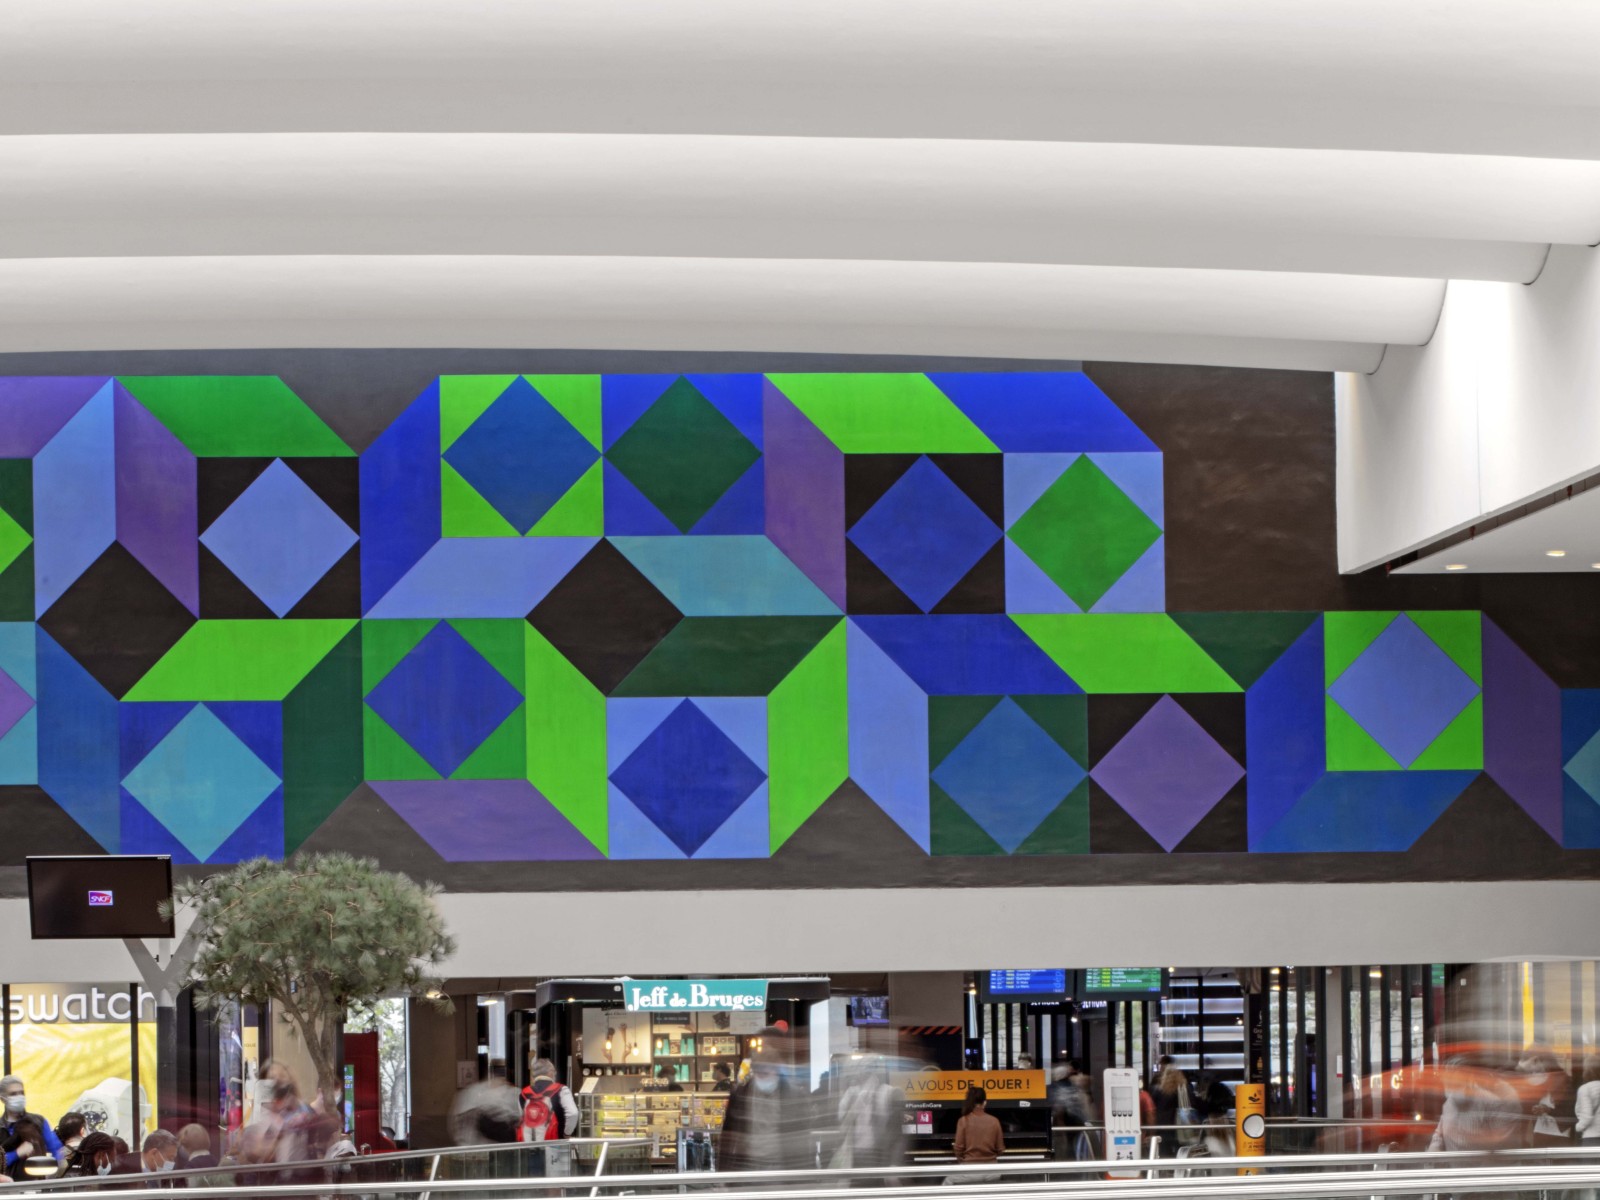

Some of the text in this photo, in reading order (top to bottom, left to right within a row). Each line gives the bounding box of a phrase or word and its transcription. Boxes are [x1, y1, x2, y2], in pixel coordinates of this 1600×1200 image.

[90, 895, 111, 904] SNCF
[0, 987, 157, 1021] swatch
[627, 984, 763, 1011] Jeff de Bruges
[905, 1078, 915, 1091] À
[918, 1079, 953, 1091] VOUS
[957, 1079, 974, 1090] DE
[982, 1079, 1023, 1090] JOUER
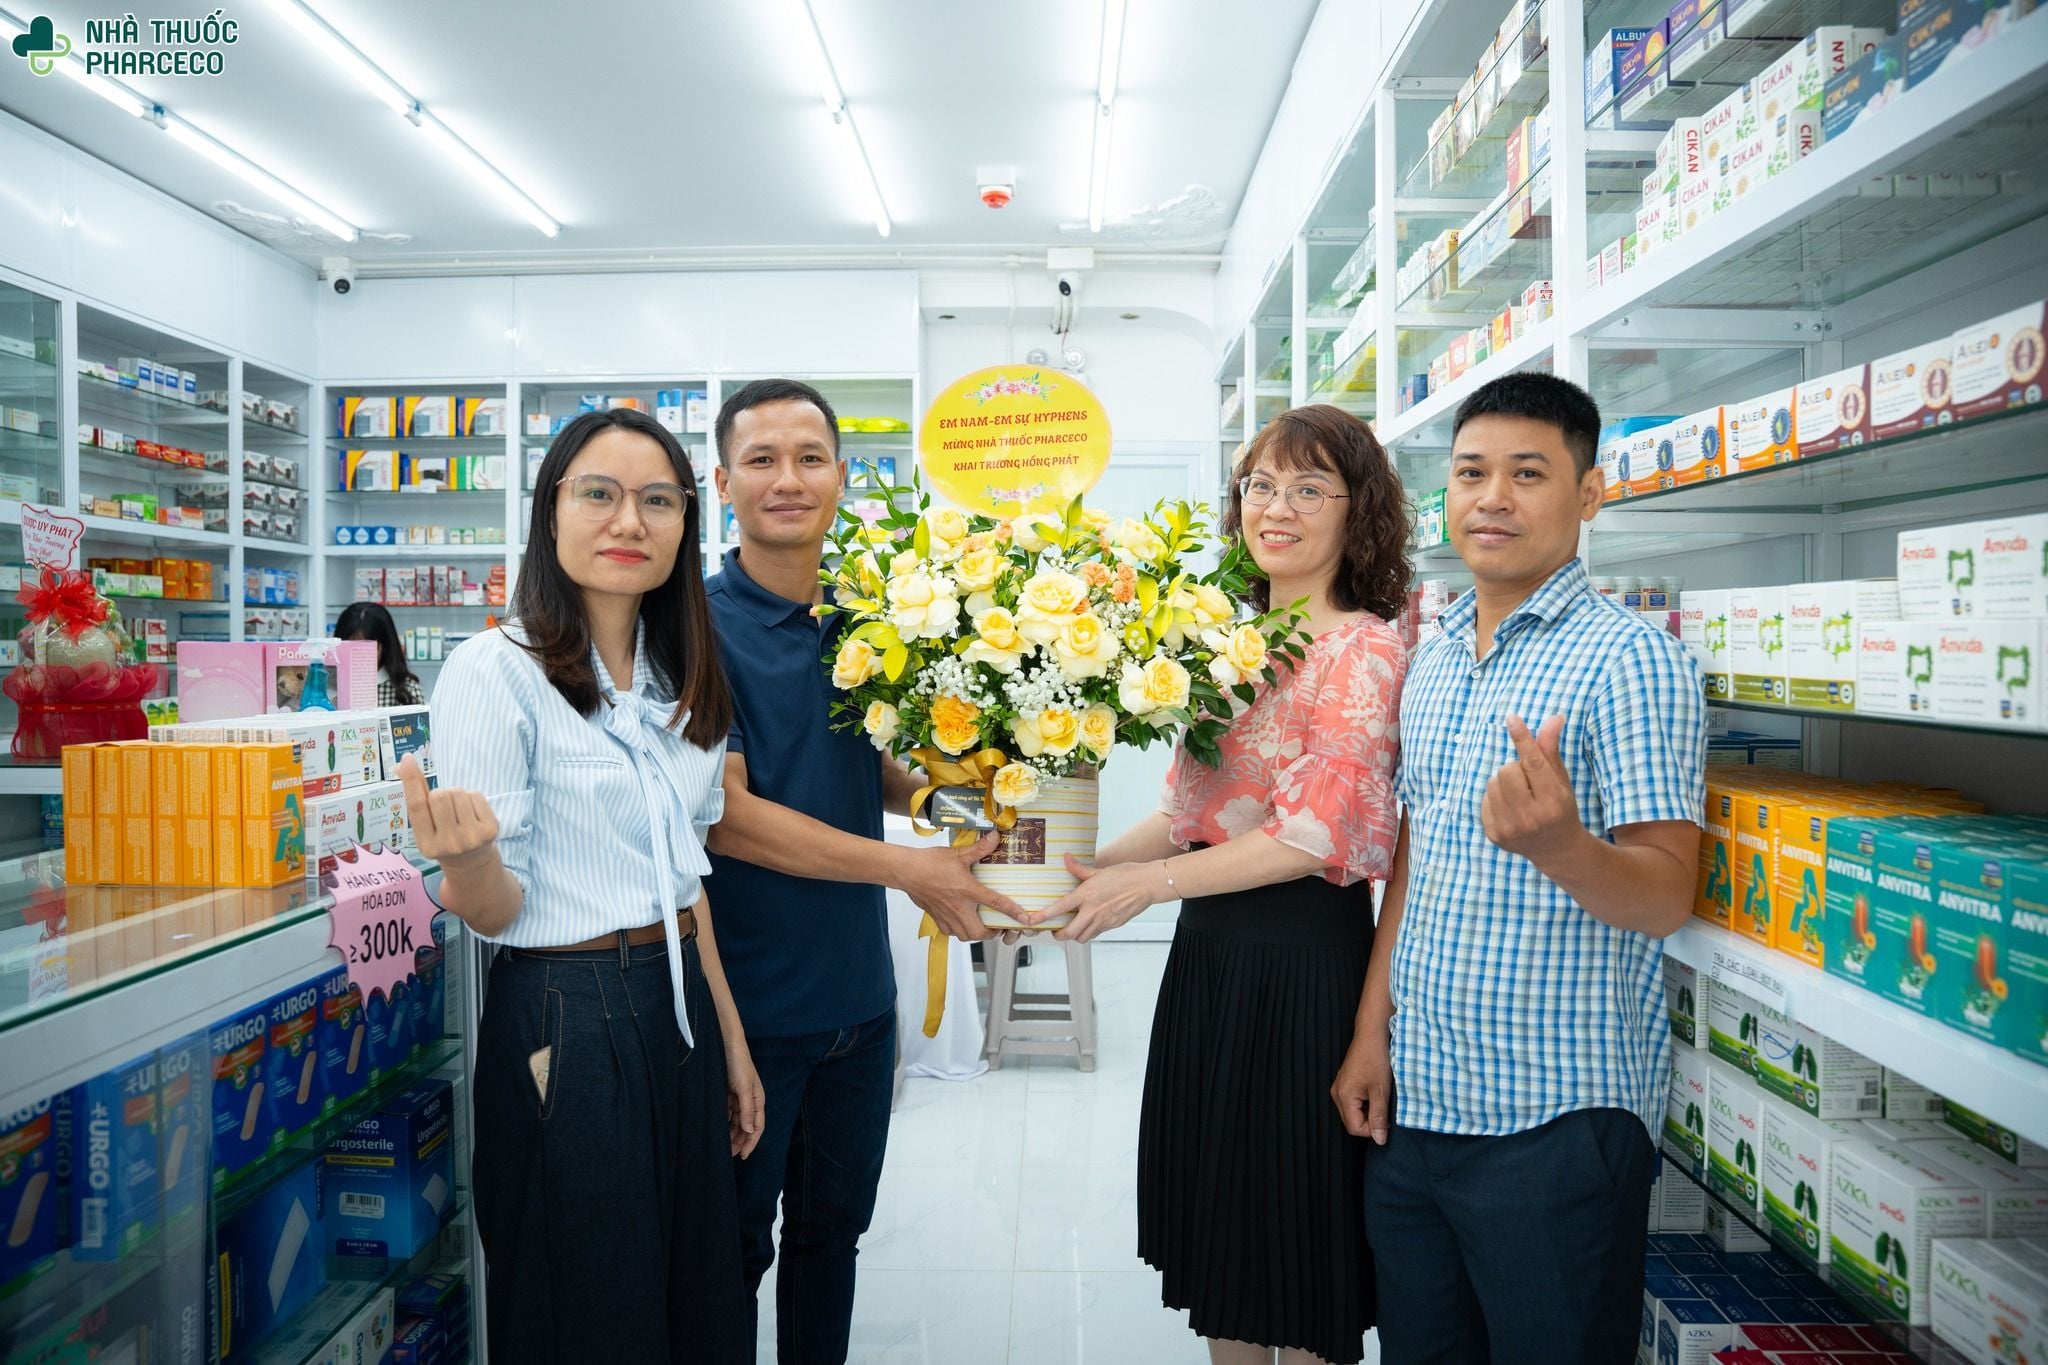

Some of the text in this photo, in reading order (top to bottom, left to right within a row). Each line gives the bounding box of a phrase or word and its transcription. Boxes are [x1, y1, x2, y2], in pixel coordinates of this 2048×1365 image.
::::::
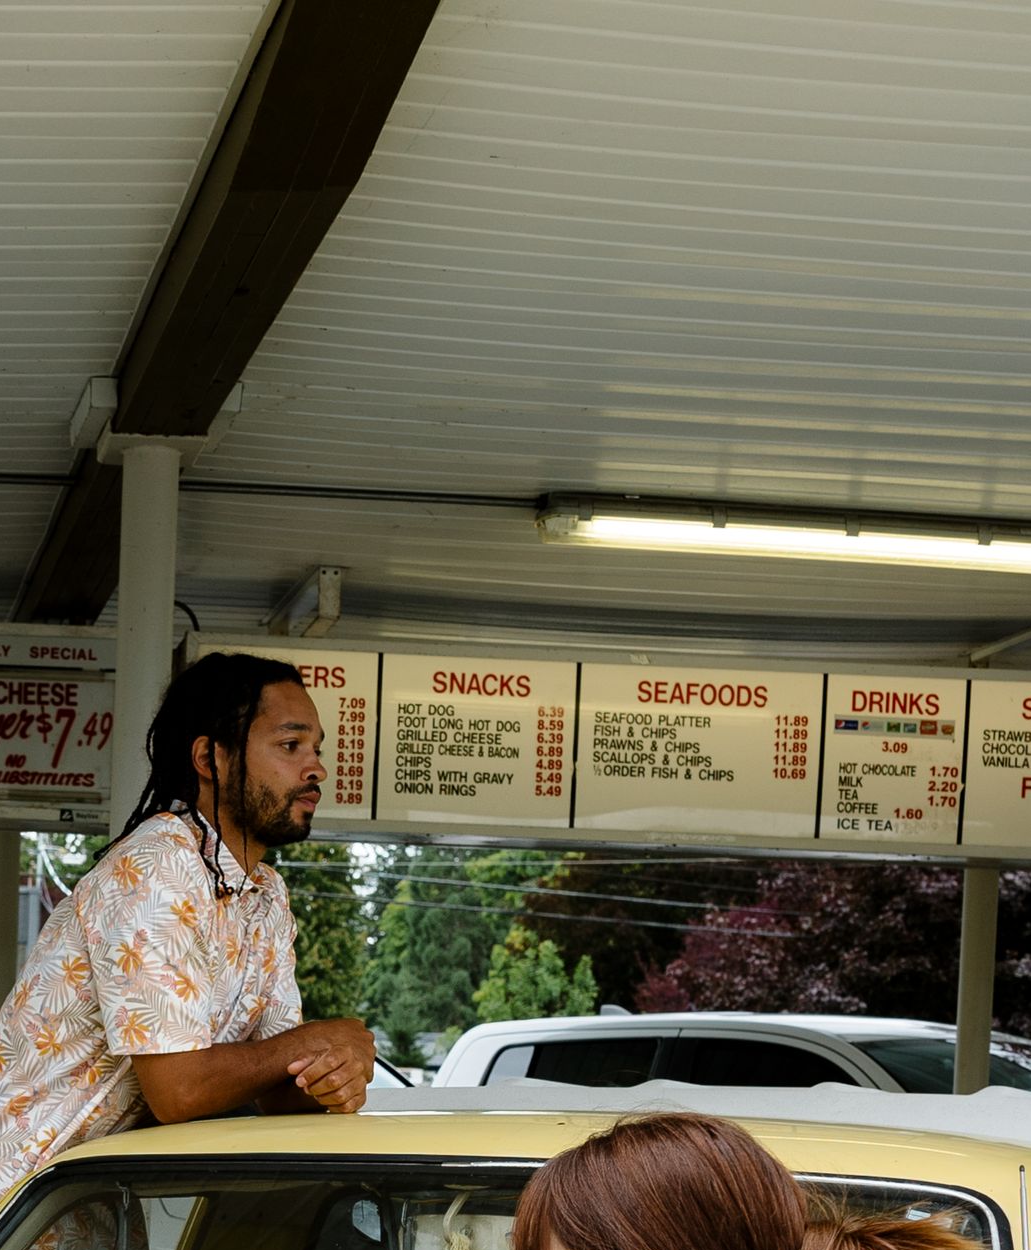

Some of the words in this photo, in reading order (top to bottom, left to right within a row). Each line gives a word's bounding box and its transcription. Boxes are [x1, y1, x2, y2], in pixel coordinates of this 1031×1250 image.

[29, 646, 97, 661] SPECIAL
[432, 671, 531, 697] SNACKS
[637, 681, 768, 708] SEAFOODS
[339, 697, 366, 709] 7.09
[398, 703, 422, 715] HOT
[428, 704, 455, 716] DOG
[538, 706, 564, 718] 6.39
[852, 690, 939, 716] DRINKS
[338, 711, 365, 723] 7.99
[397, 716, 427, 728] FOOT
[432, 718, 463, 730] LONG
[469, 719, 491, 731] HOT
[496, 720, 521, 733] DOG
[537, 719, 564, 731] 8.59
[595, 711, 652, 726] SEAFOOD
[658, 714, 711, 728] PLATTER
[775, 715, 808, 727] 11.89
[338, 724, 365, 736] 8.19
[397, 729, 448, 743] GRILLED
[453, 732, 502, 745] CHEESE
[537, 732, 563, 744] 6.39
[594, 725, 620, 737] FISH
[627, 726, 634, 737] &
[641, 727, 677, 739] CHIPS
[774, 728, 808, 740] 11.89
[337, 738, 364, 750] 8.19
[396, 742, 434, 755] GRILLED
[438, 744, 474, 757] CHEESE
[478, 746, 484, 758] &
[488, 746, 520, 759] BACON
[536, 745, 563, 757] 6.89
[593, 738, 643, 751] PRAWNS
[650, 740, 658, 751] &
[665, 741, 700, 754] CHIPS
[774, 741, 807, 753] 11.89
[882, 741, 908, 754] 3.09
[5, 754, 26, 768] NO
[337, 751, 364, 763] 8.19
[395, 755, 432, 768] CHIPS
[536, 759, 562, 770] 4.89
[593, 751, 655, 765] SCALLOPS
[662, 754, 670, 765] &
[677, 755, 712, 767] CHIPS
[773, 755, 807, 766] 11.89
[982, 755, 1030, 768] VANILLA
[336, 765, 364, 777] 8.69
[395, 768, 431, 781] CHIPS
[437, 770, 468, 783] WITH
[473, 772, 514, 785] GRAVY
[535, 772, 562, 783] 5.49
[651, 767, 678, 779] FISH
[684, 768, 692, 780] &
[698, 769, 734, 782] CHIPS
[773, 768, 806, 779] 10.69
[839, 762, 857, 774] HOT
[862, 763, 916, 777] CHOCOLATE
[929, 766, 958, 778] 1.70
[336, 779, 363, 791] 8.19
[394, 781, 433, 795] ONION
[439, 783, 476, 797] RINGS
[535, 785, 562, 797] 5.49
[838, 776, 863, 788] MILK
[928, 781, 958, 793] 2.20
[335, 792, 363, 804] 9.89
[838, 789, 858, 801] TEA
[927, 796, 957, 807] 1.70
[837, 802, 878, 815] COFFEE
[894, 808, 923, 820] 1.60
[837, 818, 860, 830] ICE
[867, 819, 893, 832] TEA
::::::
◆ Work required ◆
Of all the material above, only the lines from the one that has "this 1600×1200 image." down to the one that has "this 2048×1365 image." are to be written out, exactly and with both ends included. Pictures are skipped.

◆ Task result ◆
Some of the text in this photo, in reading order (top to bottom, left to right within a row). Each line gives the bounding box of a phrase or word and its transcription. Boxes are [x1, y1, x2, y2], in pixel coordinates of this 1600×1200 image.

[90, 895, 111, 904] SNCF
[0, 987, 157, 1021] swatch
[627, 984, 763, 1011] Jeff de Bruges
[905, 1078, 915, 1091] À
[918, 1079, 953, 1091] VOUS
[957, 1079, 974, 1090] DE
[982, 1079, 1023, 1090] JOUER

Some of the text in this photo, in reading order (top to bottom, left to right within a row). Each line gives the bounding box of a phrase or word and its transcription. Boxes are [x1, y1, x2, y2], in pixel coordinates of this 2048×1365 image.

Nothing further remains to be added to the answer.